Propiedades medicinales de la Adormidera

Adormidera

Analgésico. Somnífero. Toxico. 

La adormidera, Papaver somniferum, es una planta que se conoce y emplea desde tiempos de las primeras civilizaciones. Se trata de una planta originaria de la zona de mediterráneo en donde crece de forma anual. La planta puede alcanzar alturas de hasta un metro y se caracteriza por sus hojas glabras con textura cerosa.

Esta planta también se conoce como planta del opio. Su nombre proviene del griego, en donde opio significa “jugo”. La planta se utilizo por las civilizaciones de mediterráneo y posteriormente por la civilización árabe para el tratamiento de distintas enfermedades.

Cuando la planta fue introducida en el oriente se comenzó a fumar, y se empleo para provocar efectos somníferos acompañados de ligeros aturdimientos. De aquí que la planta adquirió el nombre de adormidera.

La adormidera comienza a florear en el mes de mayo, y posteriormente se hace la colecta de los frutos. La parte de interés de la planta es su fruto y su semilla, la cual se suele colectar incluso cuando el fruto aún no ha madurado.
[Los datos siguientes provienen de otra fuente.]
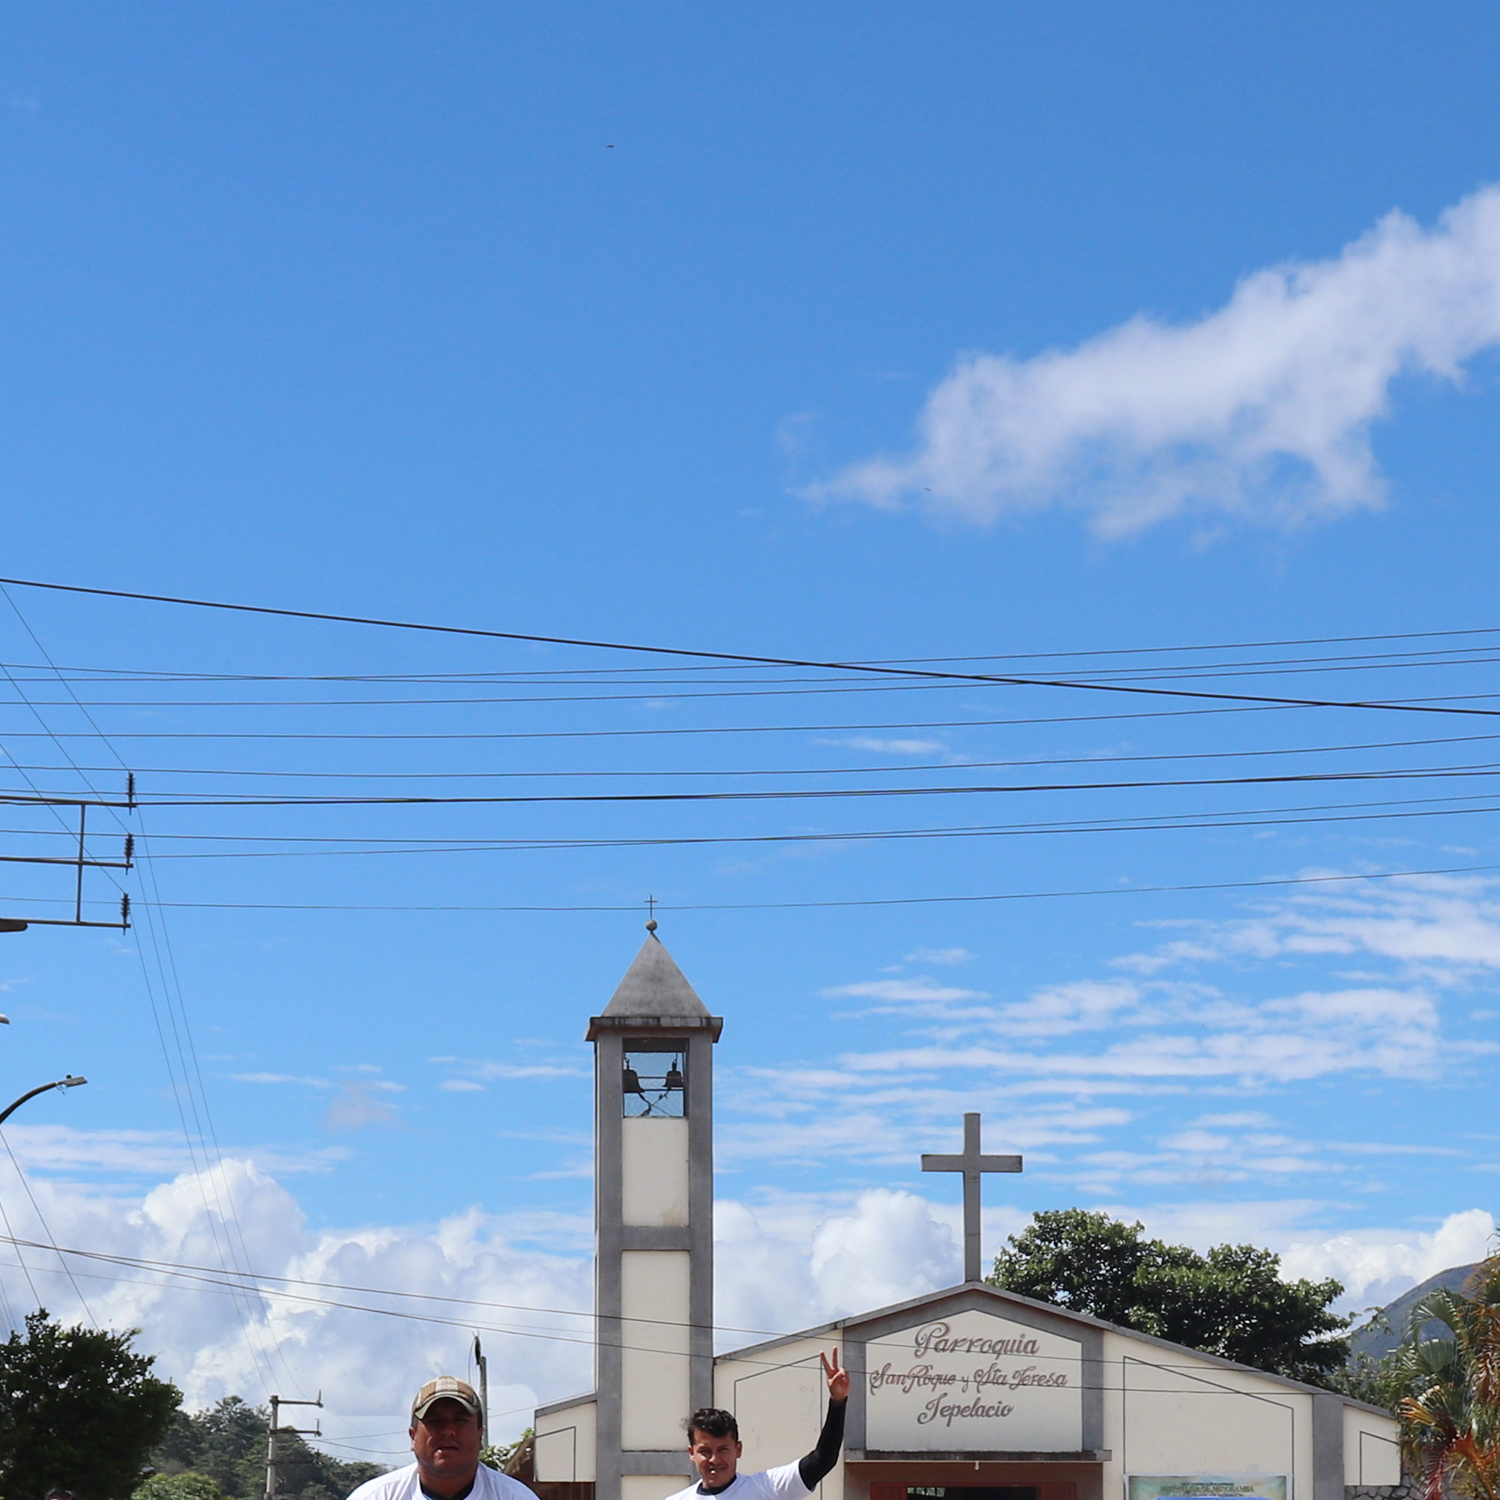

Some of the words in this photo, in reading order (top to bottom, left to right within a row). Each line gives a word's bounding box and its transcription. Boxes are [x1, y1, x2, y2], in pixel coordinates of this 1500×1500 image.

[913, 1321, 1041, 1360] Parroquia
[973, 1362, 1009, 1393] Sta
[1008, 1365, 1069, 1391] Teresa
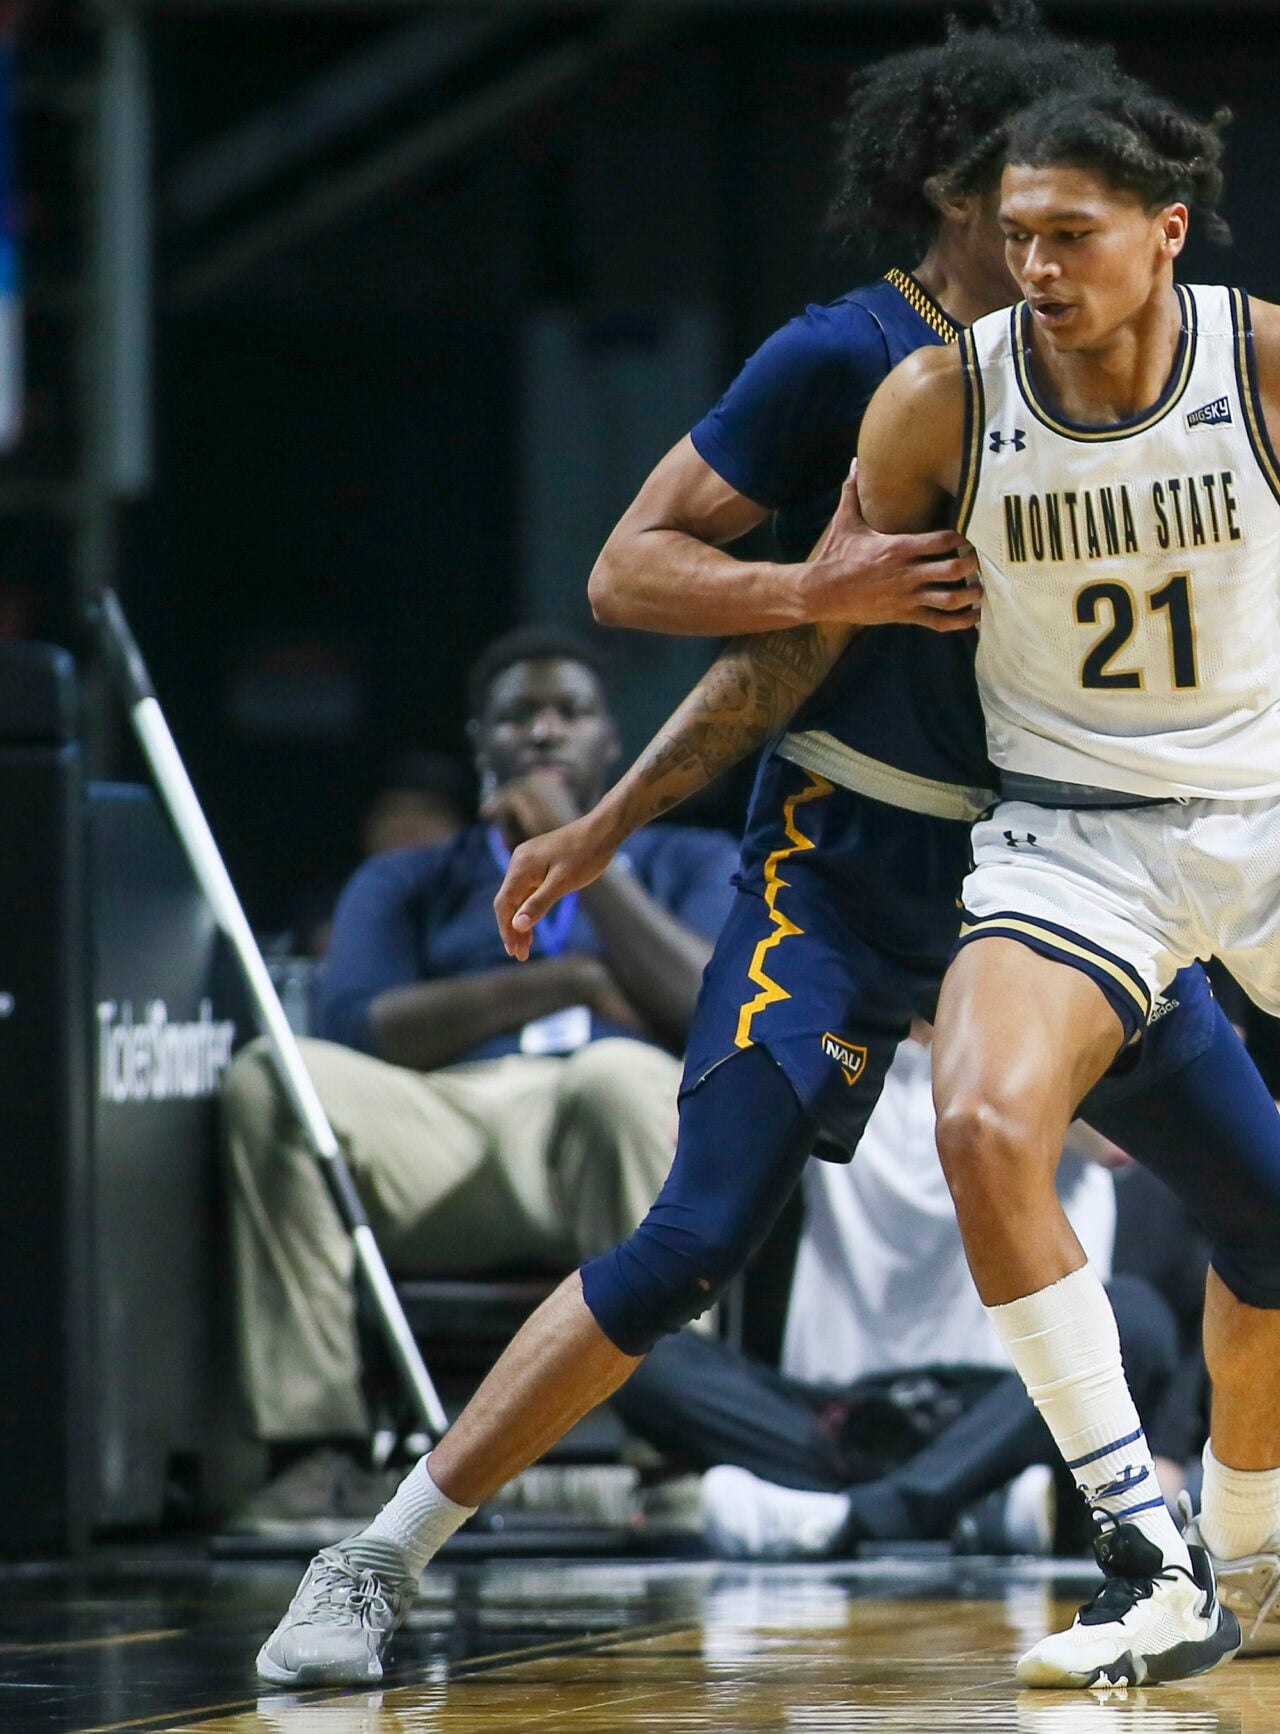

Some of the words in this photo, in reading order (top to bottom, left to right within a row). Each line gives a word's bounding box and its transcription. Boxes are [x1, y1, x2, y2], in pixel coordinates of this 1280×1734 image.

Durante la colección del fruto se abren las frutas las cuales liberan un líquido lechoso el cual toma un color marrón al contacto con el aire. Esta sustancia se conoce como opio crudo y se suele fumar en pipas de agua a temperaturas no mayores de los 80ºC.

Propiedades Terapéuticas

El jugo de la fruta de la adormidera, u opio crudo, posee una gran cantidad de alcaloides, los cuales tienen diversos efectos psicotrópicos. Uno de los principales alcaloides es la morfina la cual tiene propiedades analgésicas, aunque también posee una gran toxicidad. Otros alcaloides que están presentes en la adormidera son la codeína, la narcotina, la noscapina y la papaverina.

Después de estudiarse la composición del opio crudo y gracias a los avances de la industria farmacéutica, se logró sintetizas una gran variedad de compuestos similares a los de las sustancias encontradas a la adormidera. Sus efectos se han logrado mejorar a la vez que sus efectos secundarios se han logrado disminuir.

Un dato interesante que prueba los grandes avances son los derivados de la morfina que se han logrado sintetizar, cuyos efectos analgésicos son hasta mil veces más potentes. Todo esto sin representar un riesgo tan elevado como la morfina lo sería suministrada en dichas dosis.

El uso de la morfina es restringido y debe en todo momento ser supervisado por un médico. Dependiendo de la legislación y el país, el dispendio de la morfina es restringido y existe una gran legislación que regula su distribución. El uso de la morfina se limita a pacientes con dolores intensos los cuales ya no suelen responder a otros tratamientos de analgesia.

La codeína también se ha logrado sintetizar y si bien sus efectos analgésicos no son tan potentes como los de la morfina, su uso y distribución es menos regulado. La codeína suele emplearse para aminorar dolores musculares sin llevar los riesgos de una adicción o el desarrollo de una dependencia.

Modo de empleo

.- Morfina: De uso exclusivo para pacientes con dolores intensos y crónicos. Sólo deberá consumirse bajo supervisión médica. Se consume en forma oral, y también puede ser inyectada.
.- Heroína: Su uso es ilegal en la mayoría de los países, salvo algunas presentaciones como es la diamorfina (Gran Bretaña). Aunque desde hace varios años se ha puesto a discusión si esta podría sustituir al clorhidrato de morfina.
.- Codeína: Se puede encontrar en encapsulados, comprimidos o jarabes. Su uso es regularizado en la mayoría de países.